La frase de las puertas abiertas no es un adorno retórico. Es, en el fondo, una definición de lo que debe ser el poder legislativo en una democracia que se respete. Un Congreso con las puertas cerradas es un Congreso que legisla a espaldas del pueblo, que aprueba en lo oscurito, que convierte la representación popular en un club de acceso restringido. Un Congreso con las puertas abiertas es lo contrario: es el que escucha, el que recibe, el que entiende que las leyes que produce no son para lucimiento de los diputados sino para mejorar la vida de quienes los eligieron.
Que la nueva presidenta de la Mesa Directiva ponga ese principio al centro de su mensaje inaugural es una buena señal. Ahora falta, como siempre en política, que las palabras se traduzcan en hechos. Pero el punto de partida es el correcto.

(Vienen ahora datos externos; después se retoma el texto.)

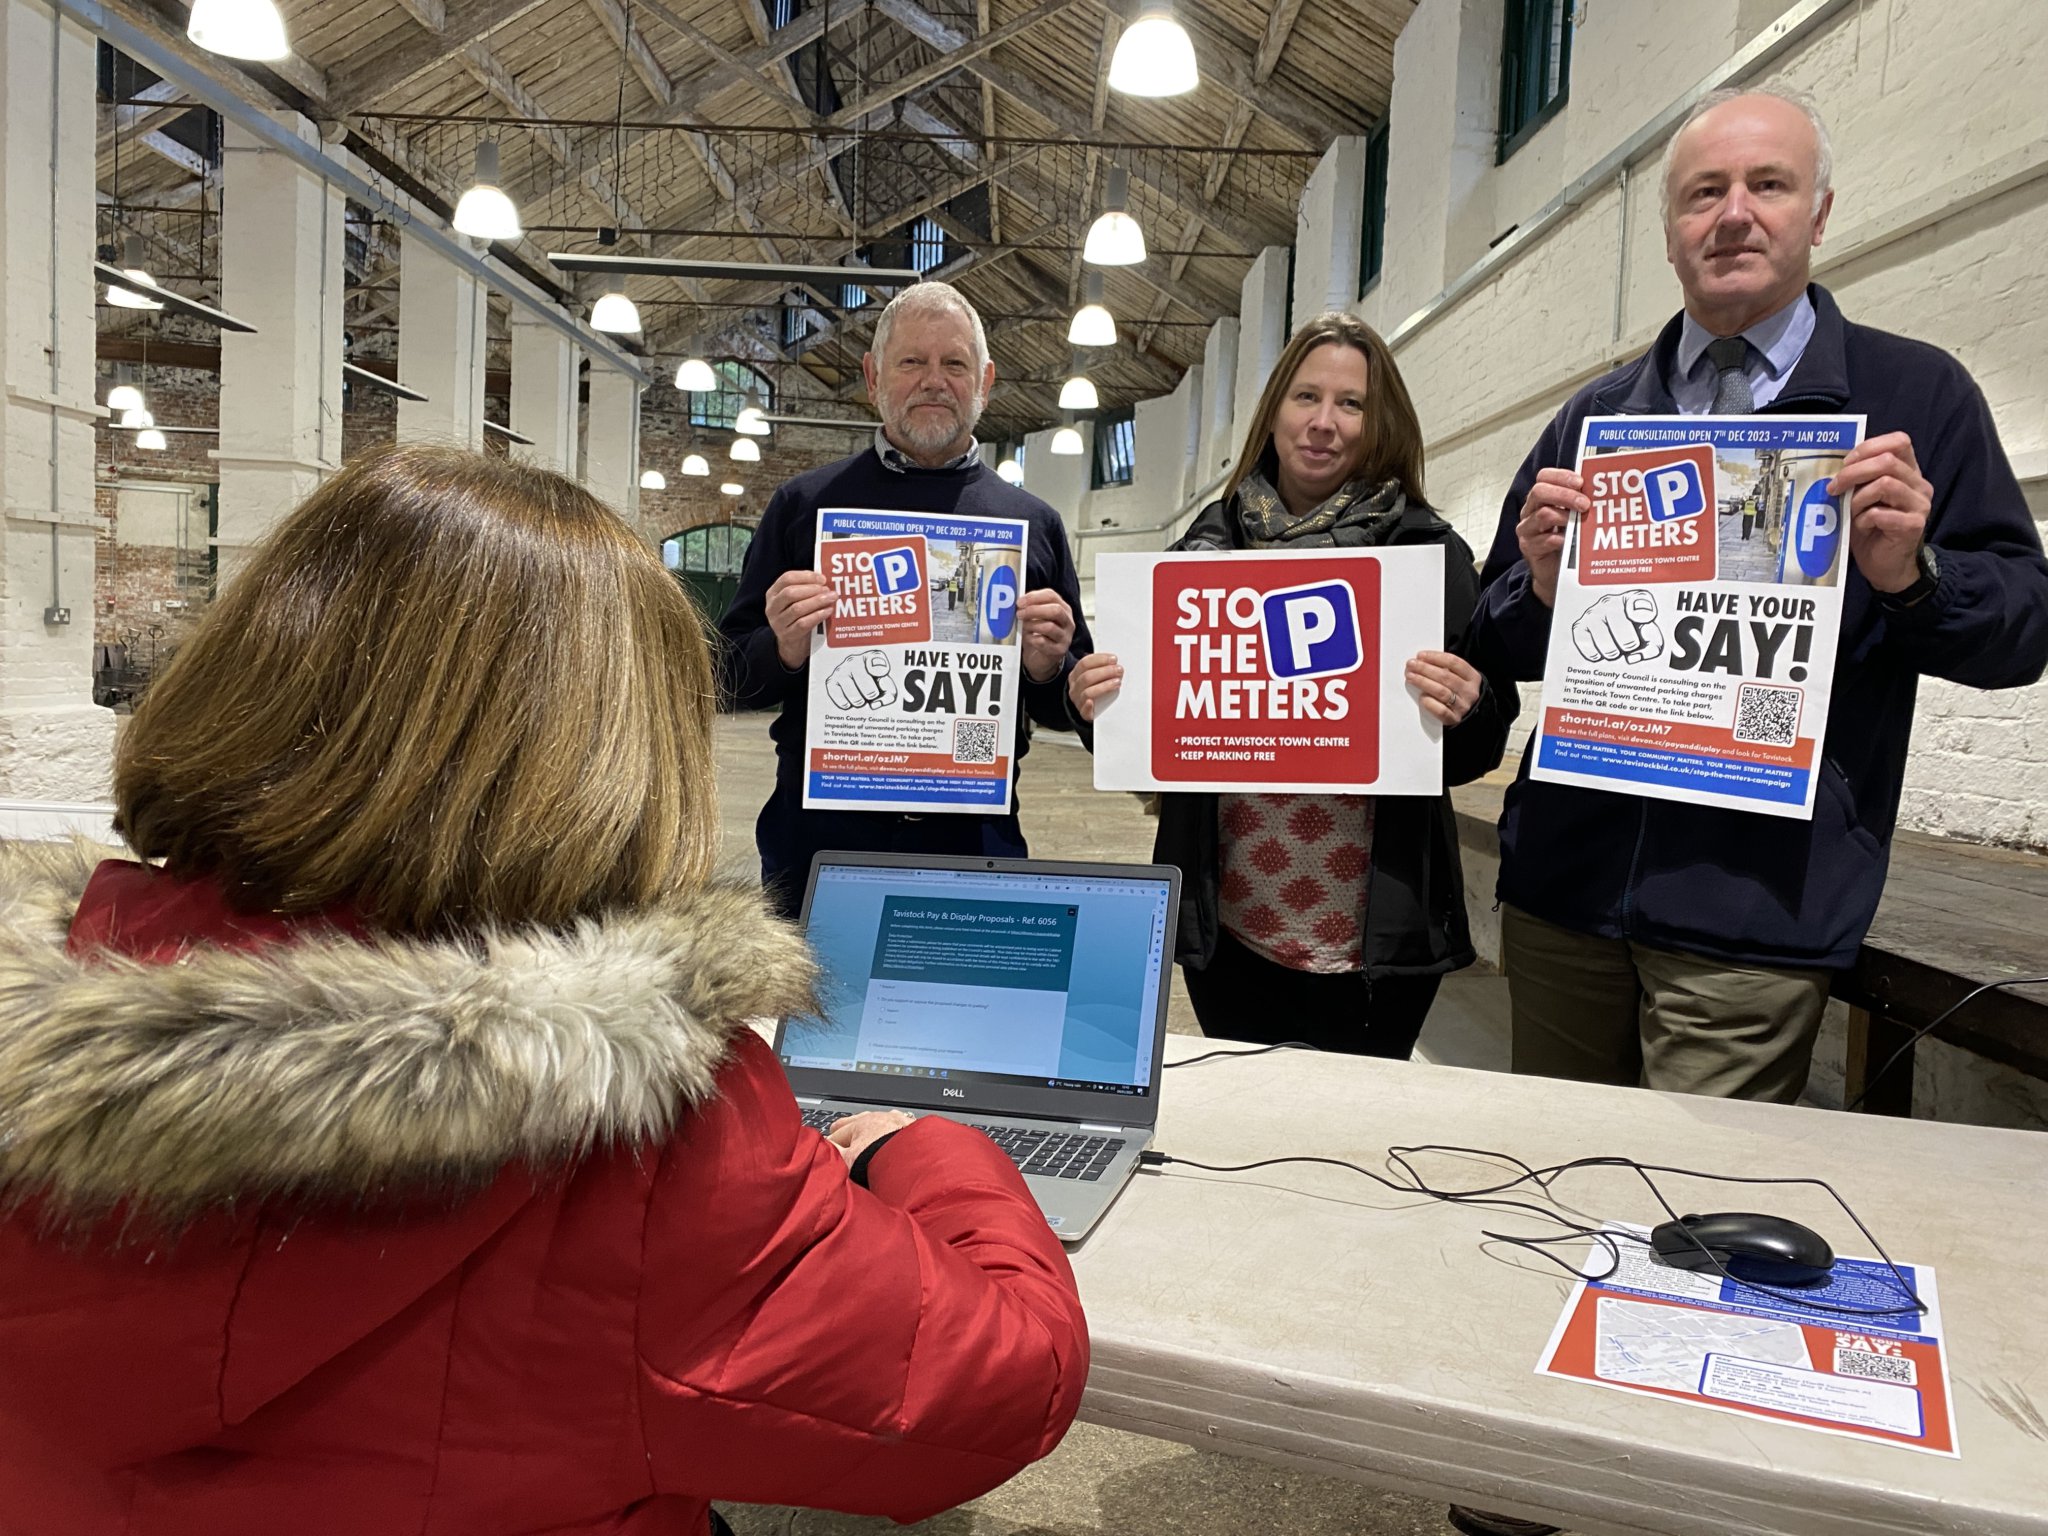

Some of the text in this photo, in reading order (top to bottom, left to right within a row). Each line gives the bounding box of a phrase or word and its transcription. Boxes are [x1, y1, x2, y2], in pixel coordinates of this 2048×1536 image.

[1599, 430, 1627, 440] PUBLIC
[1628, 430, 1687, 441] CONSULTATION
[1689, 430, 1712, 441] OPEN
[1728, 430, 1746, 441] DEC
[1748, 430, 1770, 442] 2023
[1796, 431, 1814, 442] JAN
[1816, 431, 1840, 442] 2024
[1593, 497, 1643, 524] THE
[833, 519, 855, 528] PUBLIC
[857, 520, 905, 531] CONSULTATION
[907, 523, 924, 533] OPEN
[936, 525, 948, 535] DEC
[950, 526, 966, 536] 2023
[984, 530, 996, 539] JAN
[997, 530, 1013, 540] 2024
[1593, 520, 1699, 550] METERS
[1800, 503, 1838, 552] P
[831, 575, 873, 596] THE
[835, 594, 917, 619] METERS
[989, 584, 1015, 620] P
[1677, 590, 1816, 621] HAVE YOUR
[904, 650, 1003, 671] HAVE YOUR
[1174, 634, 1258, 673] THE
[1669, 615, 1814, 683] SAY!
[1565, 676, 1604, 687] imposition
[1616, 683, 1656, 693] unwanted
[1658, 686, 1689, 698] parking
[1691, 690, 1723, 701] charges
[1567, 666, 1591, 675] Devon
[1593, 670, 1620, 680] County
[1622, 673, 1649, 682] Council
[1651, 675, 1657, 683] is
[1659, 677, 1699, 689] consulting
[1713, 681, 1726, 690] the
[903, 669, 1003, 716] SAY!
[1175, 679, 1349, 721] METERS
[1573, 687, 1608, 697] Tavistock
[1610, 691, 1631, 700] Town
[1632, 694, 1660, 703] Centre.
[1673, 699, 1691, 707] take
[1693, 702, 1712, 711] part,
[1581, 698, 1594, 706] the
[1595, 700, 1607, 708] QR
[1609, 702, 1628, 710] code
[1655, 707, 1668, 715] the
[1670, 709, 1684, 717] link
[1687, 710, 1714, 720] below.
[1560, 712, 1672, 735] shorturl.at/ozJM7
[1181, 736, 1350, 747] PROTECT TAVISTOCK TOWN CENTRE
[1181, 751, 1275, 761] KEEP PARKING FREE
[893, 909, 925, 919] Tavistock
[927, 911, 940, 922] Pay
[941, 912, 949, 920] &
[950, 912, 977, 923] Display
[978, 914, 1015, 925] Proposals
[1022, 916, 1036, 925] Ref.
[1037, 917, 1057, 926] 6056
[942, 1088, 965, 1098] DELL

Hay un elemento en el discurso de Marcela Castillo que conviene subrayar porque no es común y porque dice mucho de su estilo: la insistencia en el trabajo colectivo. No habló de lo que ella va a hacer. Habló de lo que van a hacer juntos. Recordó que son cuarenta diputadas y diputados quienes hacen el trabajo, y que su función al frente de la mesa es facilitar ese esfuerzo compartido, no protagonizarlo. Agradeció a sus compañeros la confianza de permitirle encabezar el equipo, y prometió seguir haciéndolo precisamente así: en equipo.

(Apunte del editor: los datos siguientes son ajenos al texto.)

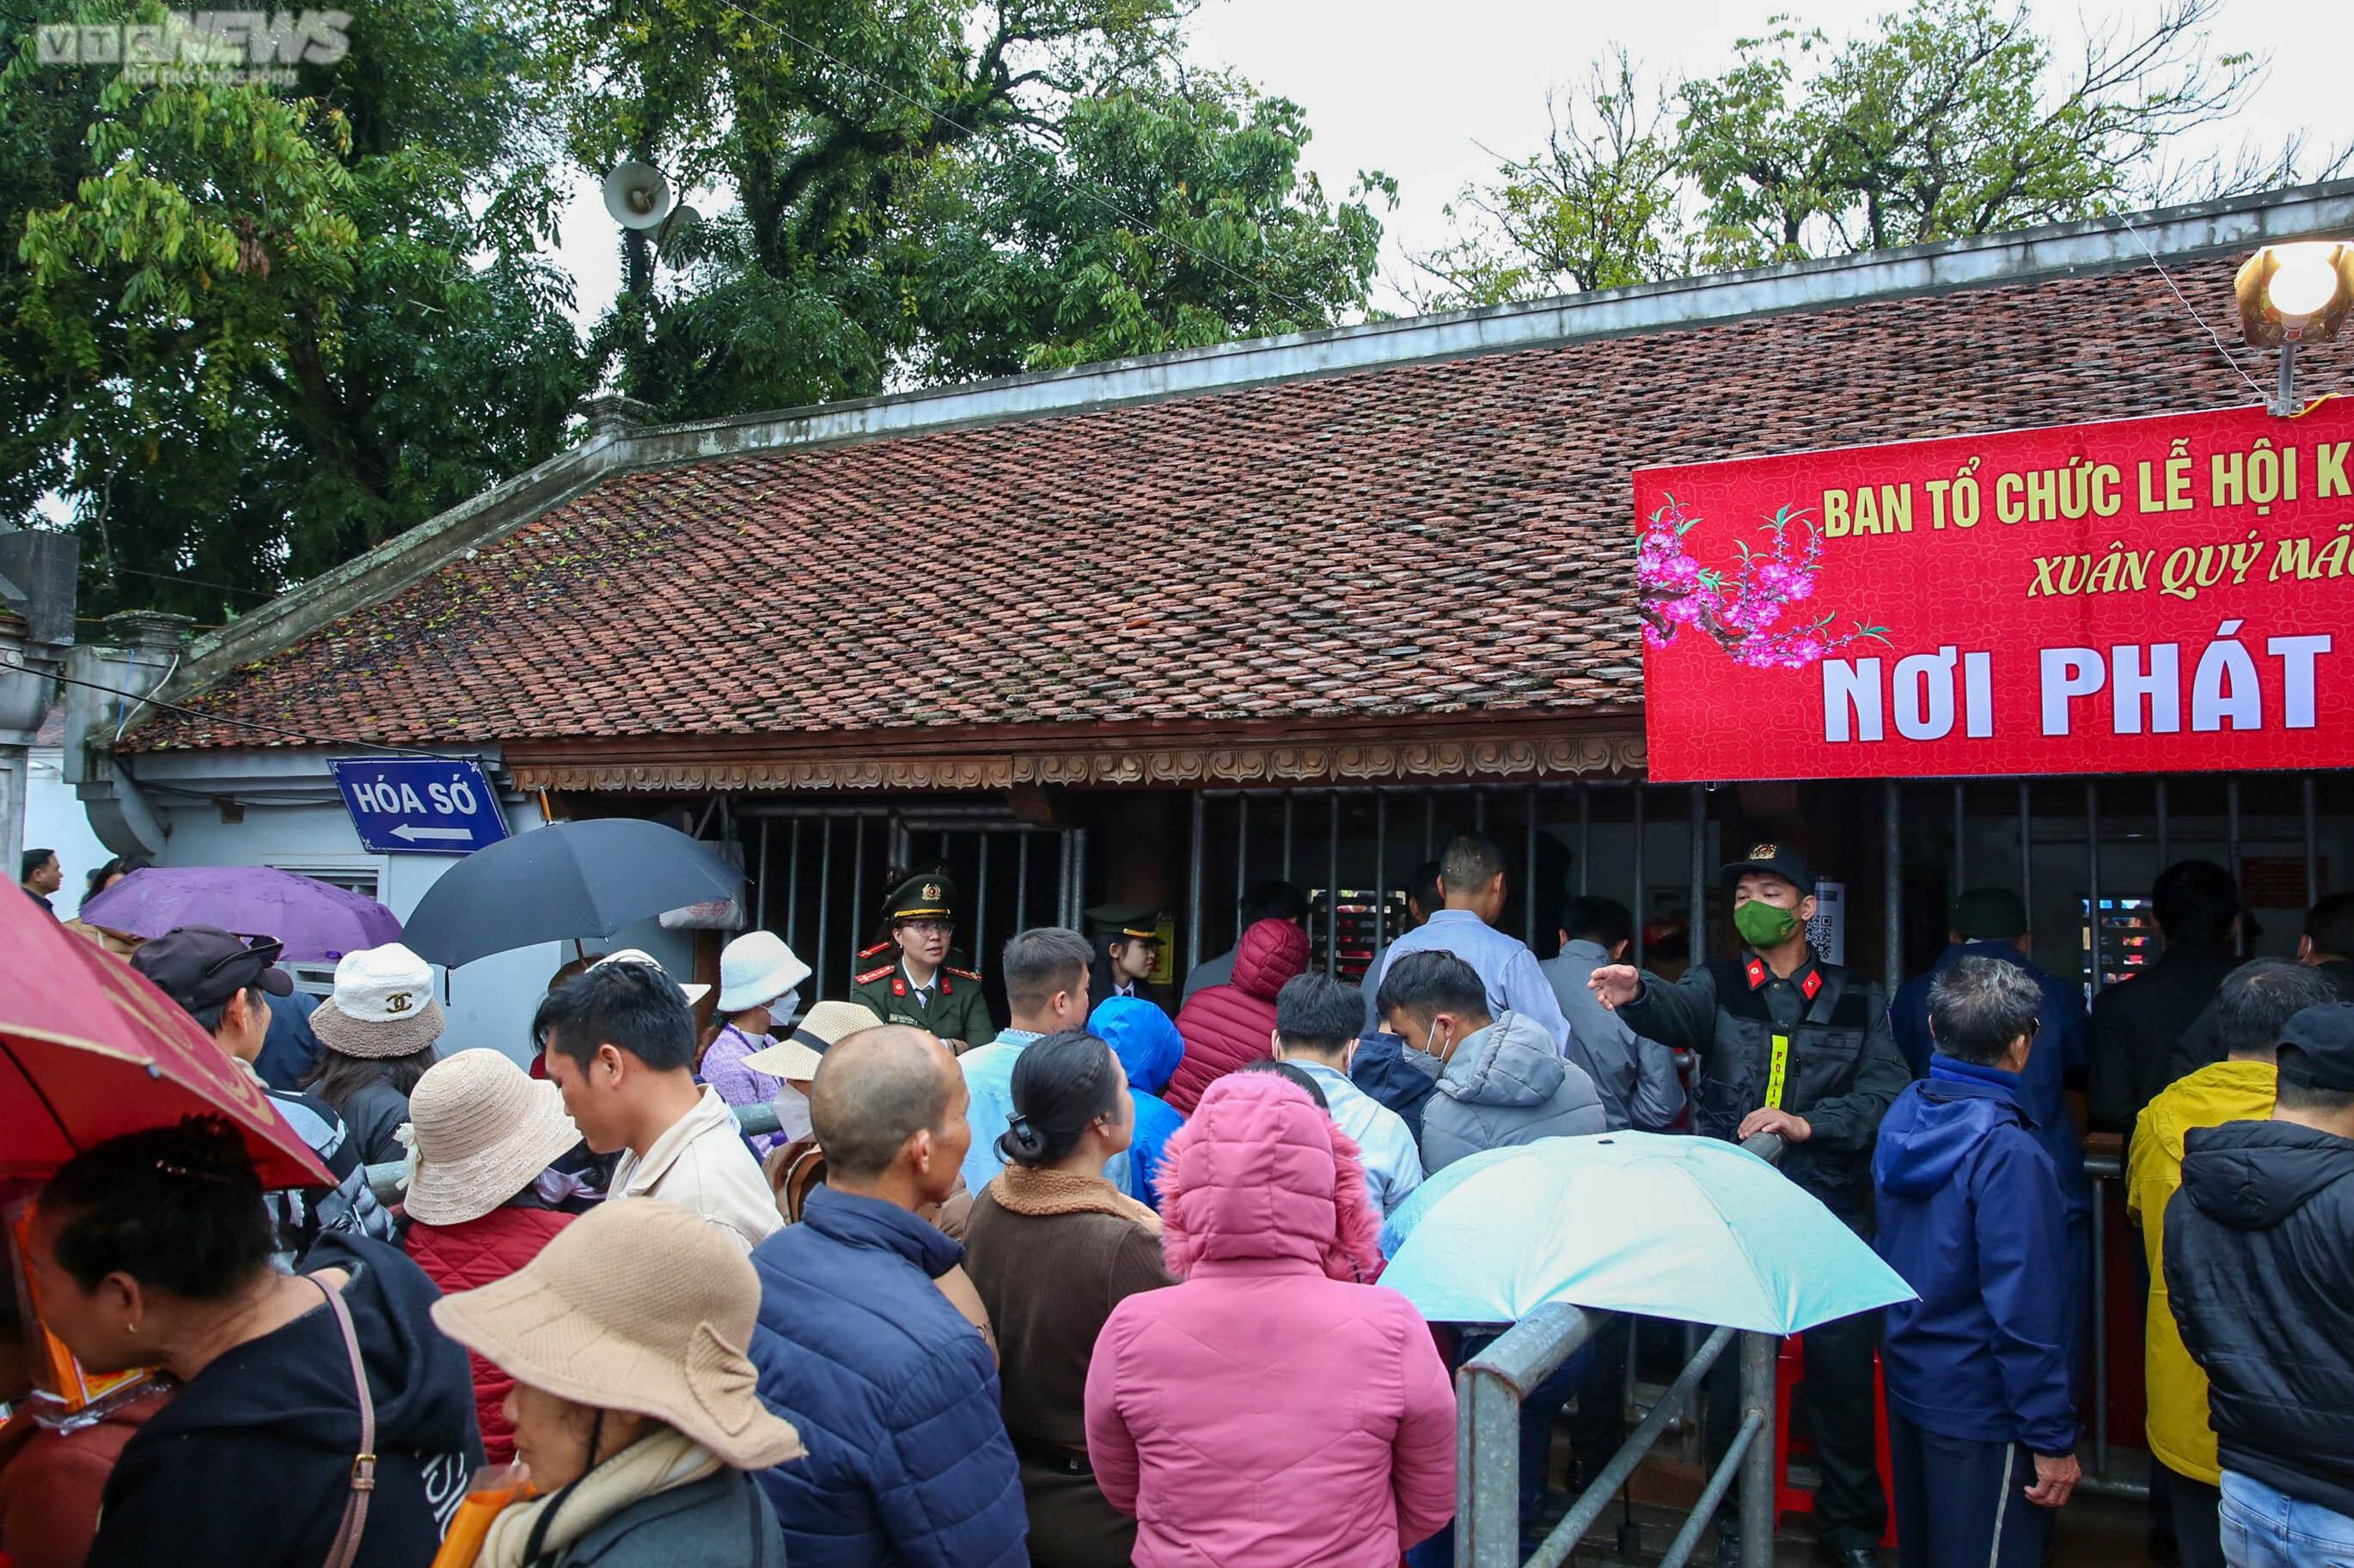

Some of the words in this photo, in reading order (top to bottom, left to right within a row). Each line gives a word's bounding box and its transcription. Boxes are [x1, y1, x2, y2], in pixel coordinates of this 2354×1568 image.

[1823, 486, 1912, 538] BAN
[1925, 455, 1982, 529] TỔ
[1996, 459, 2121, 524] CHỨC
[2138, 437, 2194, 513] LỄ
[2212, 436, 2297, 516] HỘI
[2027, 540, 2156, 599] XUÂN
[2160, 529, 2265, 601] QUÝ
[2268, 523, 2354, 583] MÃ
[1822, 644, 1993, 742] NƠI
[2040, 619, 2332, 736] PHÁT
[352, 774, 428, 814] HÓA
[428, 773, 478, 815] SỚ

Esa humildad institucional es más rara de lo que debería. En una clase política acostumbrada a que cada cargo se convierta en plataforma personal, en trampolín, en oportunidad de lucimiento individual, encontrar a alguien que asume la presidencia de un Congreso hablando de equipo y no de sí misma es refrescante. Porque un presidente de Mesa Directiva que entiende su papel como el de un articulador, como el de quien hace posible que los demás trabajen, es mucho más útil para el estado que uno que confunde la silla con un pedestal.
El Congreso de Chiapas tiene por delante una agenda legislativa que no es menor. En un momento en que el estado atraviesa un proceso de reordenamiento en múltiples frentes, de saneamiento institucional, de recuperación tras años difíciles, el poder legislativo tiene la responsabilidad de acompañar ese esfuerzo con leyes que le den sustento, con reformas que fortalezcan las instituciones y con un trabajo serio que esté a la altura de lo que Chiapas necesita.
Conducir ese trabajo con espíritu de unidad, sin convertir el pleno en campo de batalla de rencillas partidistas, será la verdadera prueba de la gestión de Marcela Castillo. Porque una cosa es lanzar un mensaje de unidad en la sesión inaugural, cuando todo es cortesía y buenos deseos, y otra muy distinta es sostener esa unidad cuando lleguen los temas espinosos, los debates encendidos, las diferencias que inevitablemente surgen entre cuarenta representantes de distintas fuerzas y visiones.
Ahí se verá el temple. Ahí se medirá si las puertas abiertas son una convicción o solo una frase de arranque.